■ Material for this task ■

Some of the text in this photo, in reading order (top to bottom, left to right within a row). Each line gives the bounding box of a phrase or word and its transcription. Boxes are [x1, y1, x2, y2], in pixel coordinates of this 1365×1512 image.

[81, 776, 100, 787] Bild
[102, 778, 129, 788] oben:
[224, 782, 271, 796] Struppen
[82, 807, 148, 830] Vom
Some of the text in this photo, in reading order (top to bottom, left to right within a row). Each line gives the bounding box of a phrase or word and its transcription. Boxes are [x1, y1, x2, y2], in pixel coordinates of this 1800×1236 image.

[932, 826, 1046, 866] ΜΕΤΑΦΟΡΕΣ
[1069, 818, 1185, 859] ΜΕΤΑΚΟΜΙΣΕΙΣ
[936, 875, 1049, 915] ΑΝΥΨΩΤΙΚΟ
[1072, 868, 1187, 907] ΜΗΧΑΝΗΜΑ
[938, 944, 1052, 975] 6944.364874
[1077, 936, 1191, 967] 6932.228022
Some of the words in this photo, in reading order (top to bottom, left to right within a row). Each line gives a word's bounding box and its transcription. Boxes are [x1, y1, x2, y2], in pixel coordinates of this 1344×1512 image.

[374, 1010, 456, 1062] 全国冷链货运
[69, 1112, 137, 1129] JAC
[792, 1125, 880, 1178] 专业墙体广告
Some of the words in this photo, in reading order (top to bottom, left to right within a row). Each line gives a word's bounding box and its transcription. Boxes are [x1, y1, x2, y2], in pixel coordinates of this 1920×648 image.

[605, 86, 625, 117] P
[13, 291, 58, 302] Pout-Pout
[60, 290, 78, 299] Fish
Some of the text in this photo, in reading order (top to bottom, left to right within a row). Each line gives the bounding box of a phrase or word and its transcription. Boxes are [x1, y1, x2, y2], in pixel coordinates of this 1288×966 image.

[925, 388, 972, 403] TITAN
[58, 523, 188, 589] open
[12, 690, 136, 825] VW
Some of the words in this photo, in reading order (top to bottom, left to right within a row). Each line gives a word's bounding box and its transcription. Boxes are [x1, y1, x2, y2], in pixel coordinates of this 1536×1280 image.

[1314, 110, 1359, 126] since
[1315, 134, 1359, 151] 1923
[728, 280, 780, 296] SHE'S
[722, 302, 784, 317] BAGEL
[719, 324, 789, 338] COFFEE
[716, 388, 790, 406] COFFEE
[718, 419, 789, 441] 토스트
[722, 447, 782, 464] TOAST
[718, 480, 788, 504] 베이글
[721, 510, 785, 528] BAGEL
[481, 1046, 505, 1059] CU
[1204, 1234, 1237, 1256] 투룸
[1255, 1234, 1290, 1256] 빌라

■ Task prompt ■
Repeat, exactly and only, the lines above from the one containing "this 1288×966 image." through the end of the material.

■ Answer space ■
Some of the text in this photo, in reading order (top to bottom, left to right within a row). Each line gives the bounding box of a phrase or word and its transcription. Boxes are [x1, y1, x2, y2], in pixel coordinates of this 1288×966 image.

[925, 388, 972, 403] TITAN
[58, 523, 188, 589] open
[12, 690, 136, 825] VW
Some of the words in this photo, in reading order (top to bottom, left to right within a row). Each line gives a word's bounding box and its transcription. Boxes are [x1, y1, x2, y2], in pixel coordinates of this 1536×1280 image.

[1314, 110, 1359, 126] since
[1315, 134, 1359, 151] 1923
[728, 280, 780, 296] SHE'S
[722, 302, 784, 317] BAGEL
[719, 324, 789, 338] COFFEE
[716, 388, 790, 406] COFFEE
[718, 419, 789, 441] 토스트
[722, 447, 782, 464] TOAST
[718, 480, 788, 504] 베이글
[721, 510, 785, 528] BAGEL
[481, 1046, 505, 1059] CU
[1204, 1234, 1237, 1256] 투룸
[1255, 1234, 1290, 1256] 빌라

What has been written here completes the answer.